Contexto de una diplomacia activa
Este llamamiento no es un hecho aislado. Se inscribe en una línea de acción diplomática cada vez más asertiva por parte de un grupo de países europeos. El pasado domingo, el ministro de Asuntos Exteriores español, José Manuel Albares, ya había anunciado que varios países impulsarían en la reunión de Naciones Unidas del 16 de junio un «gran movimiento para el reconocimiento de un estado palestino». Previamente, España, junto con Irlanda, Eslovenia y Luxemburgo, había remitido una carta a la Alta Representante de la UE para Asuntos Exteriores, Kaja Kallas, solicitando la revisión del acuerdo de asociación UE-Israel, basándose en la cláusula de respeto a los derechos humanos contenida en dicho acuerdo.

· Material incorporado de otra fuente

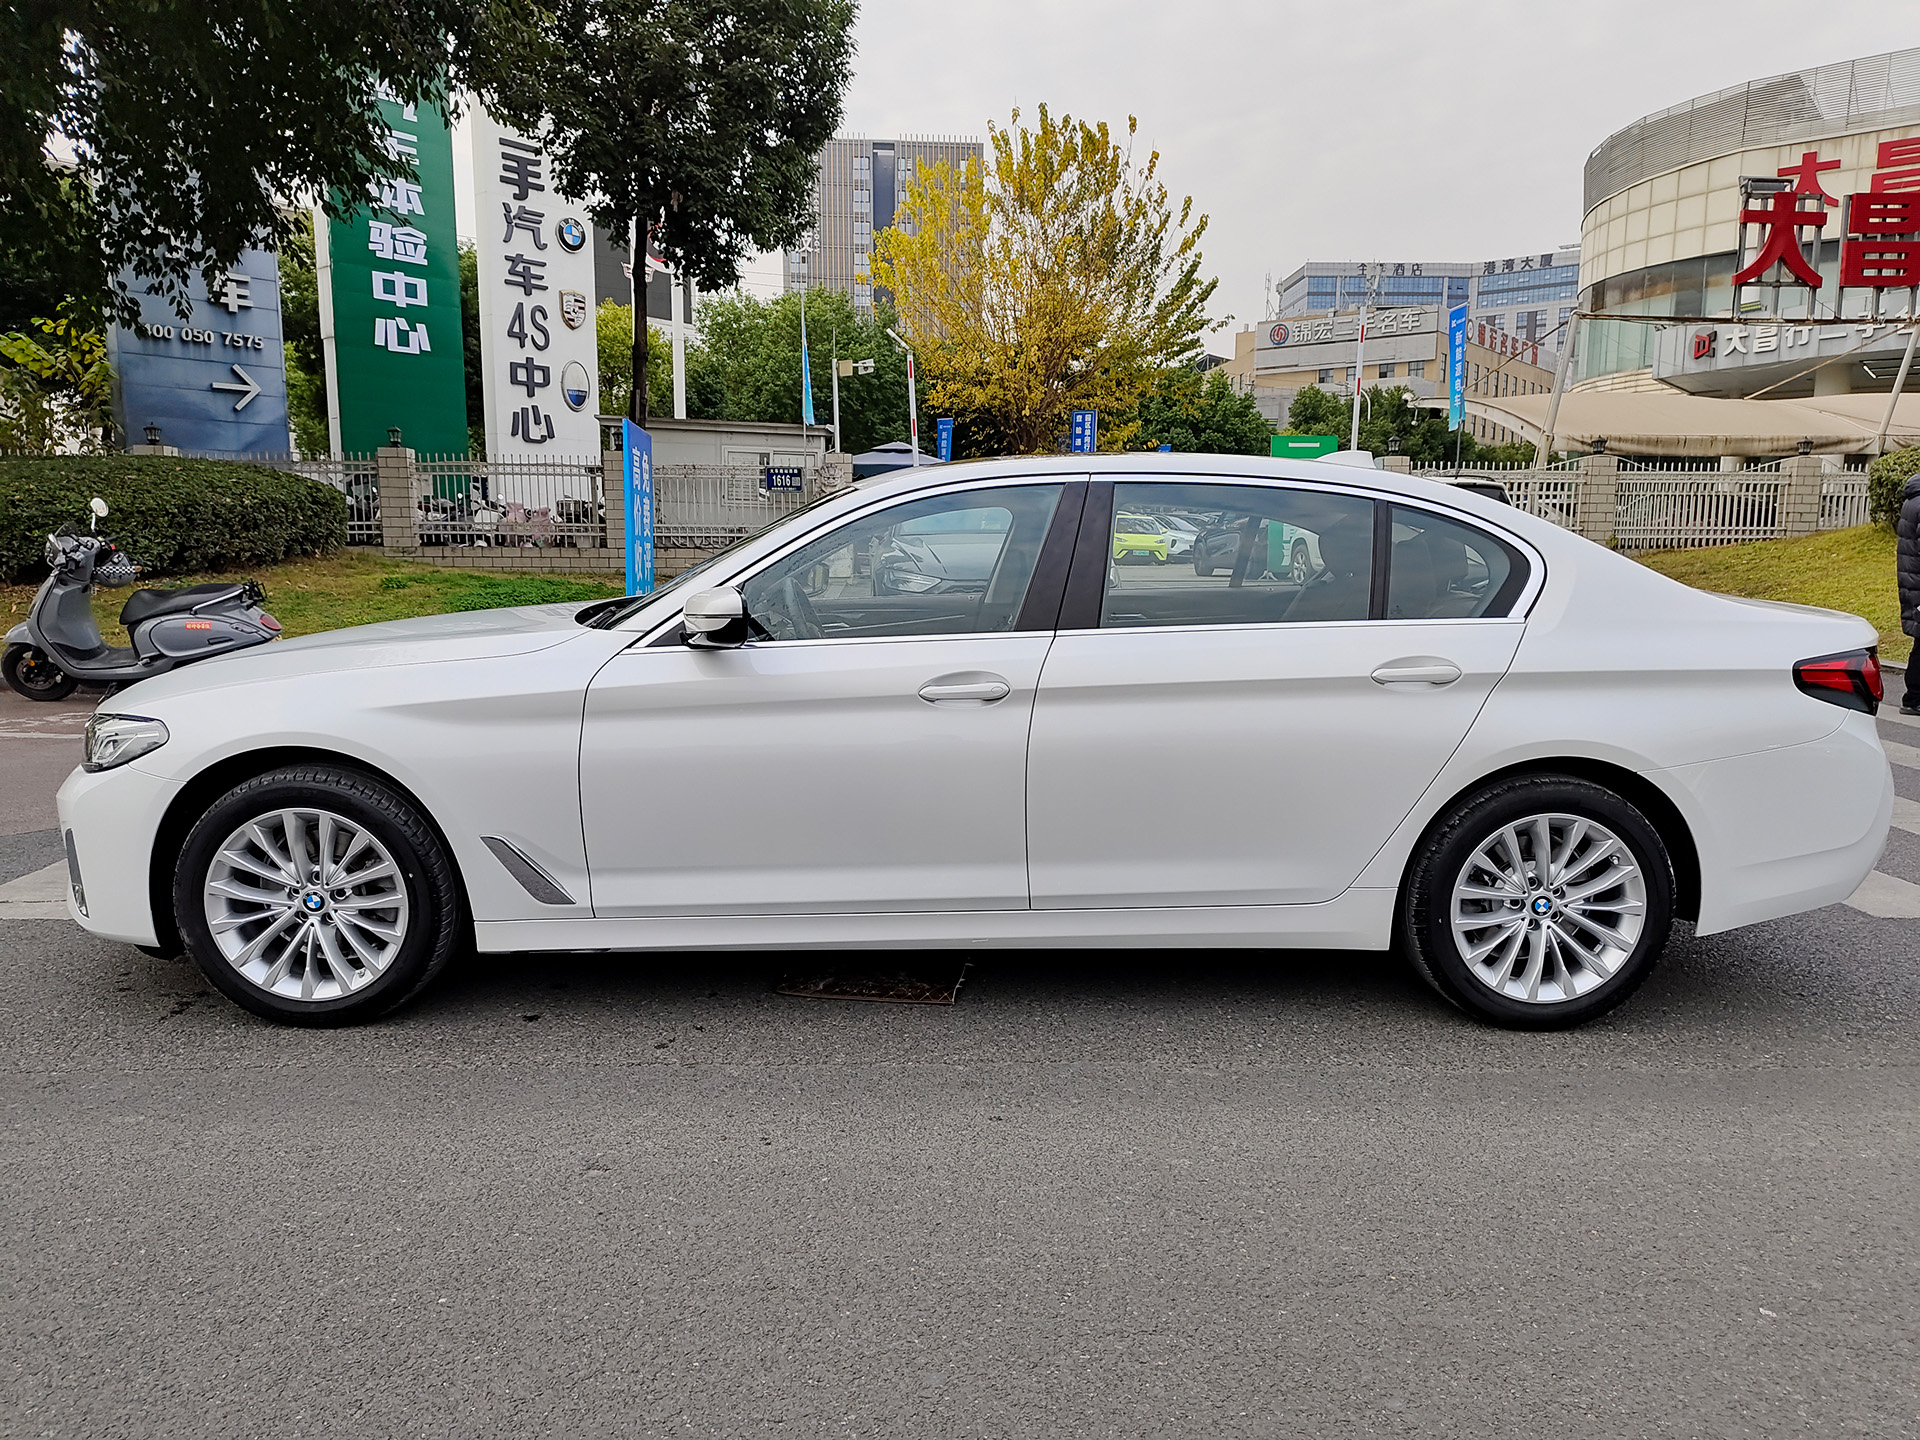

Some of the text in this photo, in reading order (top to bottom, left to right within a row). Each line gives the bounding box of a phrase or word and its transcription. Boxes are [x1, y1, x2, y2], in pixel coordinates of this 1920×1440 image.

[1357, 263, 1422, 276] 全酒店
[1482, 253, 1554, 275] 港湾大厦
[1292, 307, 1421, 343] 锦宏二手名车
[181, 328, 214, 344] 050
[222, 332, 264, 349] 7575
[772, 475, 791, 486] 1616
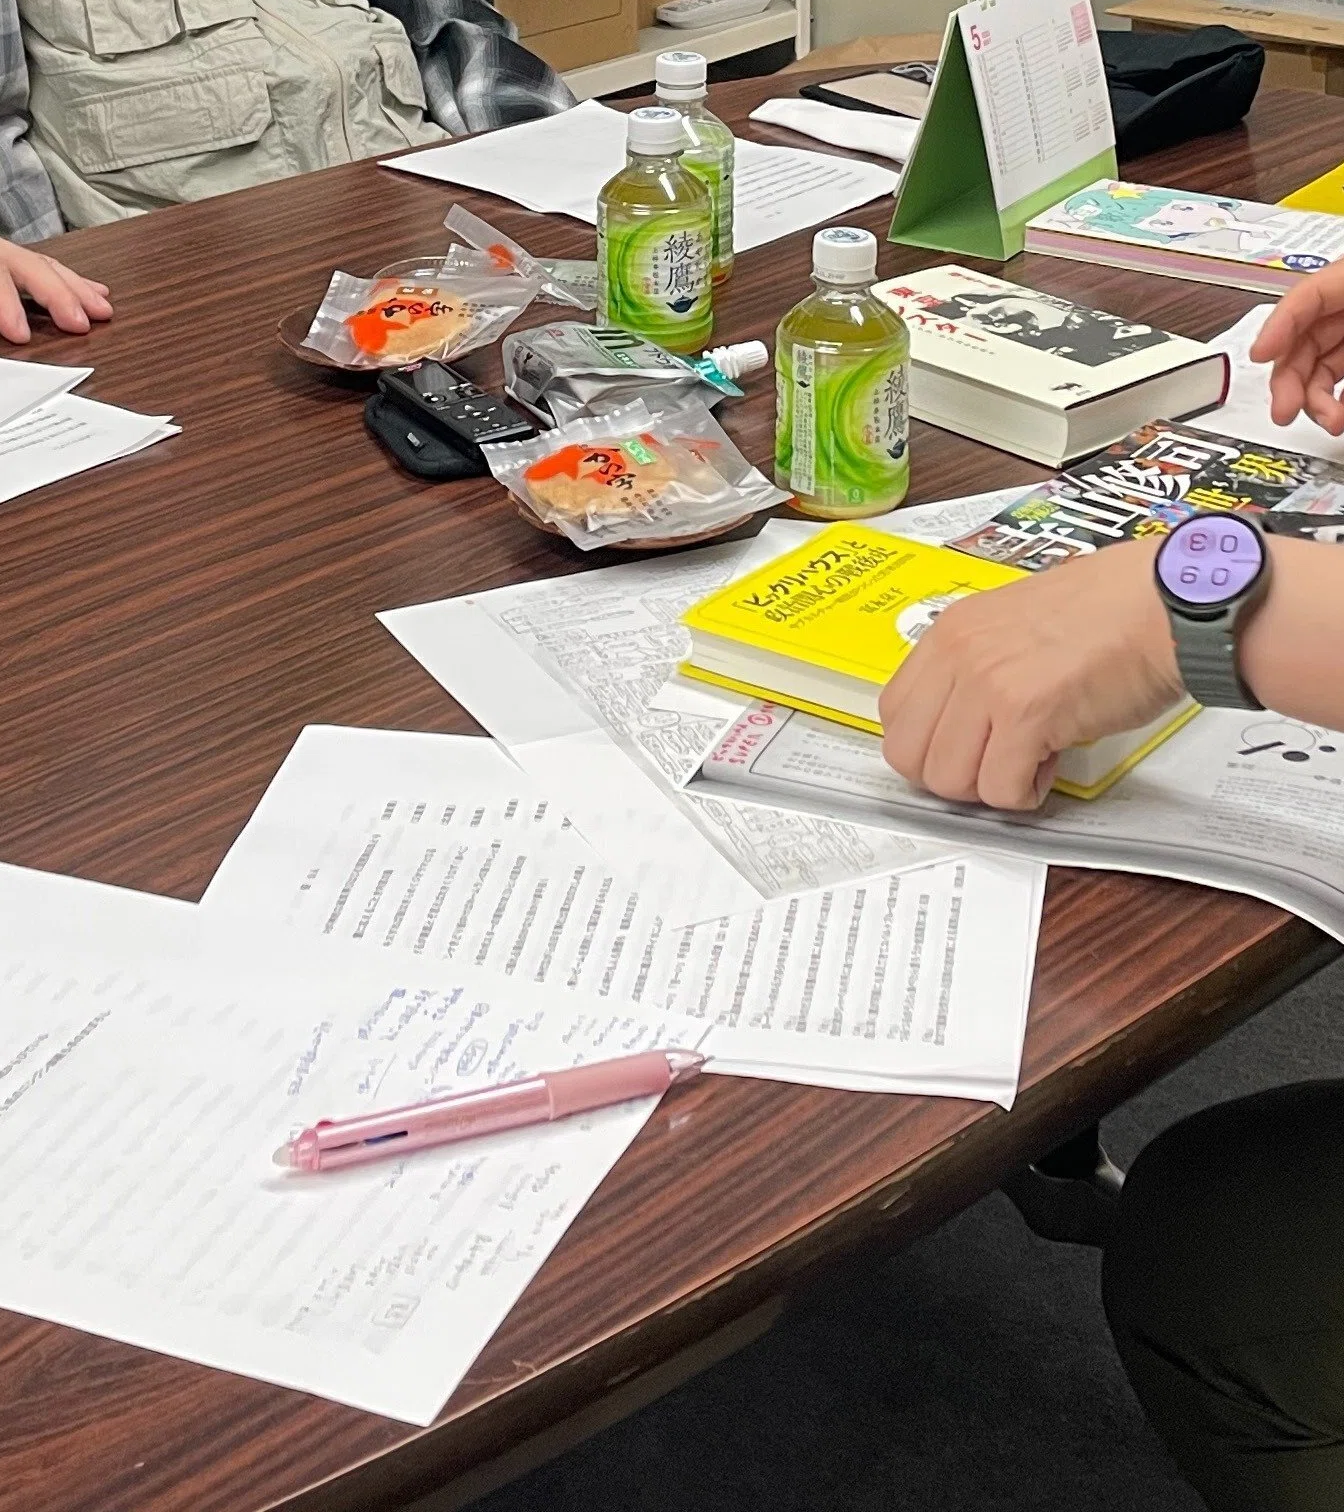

Esta postura coordinada sugiere la consolidación de un bloque de naciones dentro y fuera de la UE que abogan por una política más firme hacia Israel. El reconocimiento de Palestina hace un año parece haber sido un catalizador para acciones diplomáticas más contundentes, en un intento por traducir el reconocimiento simbólico en presión tangible sobre Israel y la comunidad internacional para avanzar hacia una solución pacífica y justa.
«No puede haber dobles raseros sobre Gaza o Ucrania. Y creo que España y Eslovenia estamos siendo coherentes cuando defendemos ambos.» – Pedro Sánchez, Presidente del Gobierno de España.
Implicaciones políticas y reacciones
La iniciativa de España y Eslovenia podría generar un debate intenso en el seno de la Unión Europea, donde tradicionalmente ha sido difícil alcanzar una postura unificada respecto al conflicto israelí-palestino debido a las divergencias entre los estados miembros. Países como Alemania, por ejemplo, han mantenido históricamente una posición más cautelosa en la crítica directa a Israel.
La comparación explícita que realiza Sánchez entre la situación en Gaza y la guerra en Ucrania, apelando a la necesidad de aplicar un estándar universal de derecho internacional y derechos humanos, busca interpelar directamente a aquellos socios europeos que han sido firmes en su condena a la agresión rusa pero más reticentes a la hora de exigir responsabilidades a Israel.
La política exterior española en este asunto parece también responder a dinámicas internas. La firmeza del gobierno de coalición progresista en la cuestión palestina resuena con una parte significativa de su base electoral y de sus socios parlamentarios, permitiendo a Pedro Sánchez proyectar una imagen de liderazgo internacional en un tema de alta sensibilidad global.
En el ámbito internacional, la reacción de Israel a estas presiones ha sido de rechazo. Recientemente, el ministro de Asuntos Exteriores israelí, Gideon Saar, llegó a declarar que un embargo de armas a su país equivaldría a permitir «un segundo Holocausto».
La declaración conjunta emitida también el 29 de mayo por España, Irlanda, Eslovenia y Noruega, reafirmando su compromiso con la solución de dos Estados , refuerza la idea de que estos países no consideran el reconocimiento de Palestina como un fin en sí mismo, sino como el comienzo de una fase de mayor activismo diplomático. La frustración por la percibida inacción de parte de la comunidad internacional parece ser un motor clave detrás de estas iniciativas.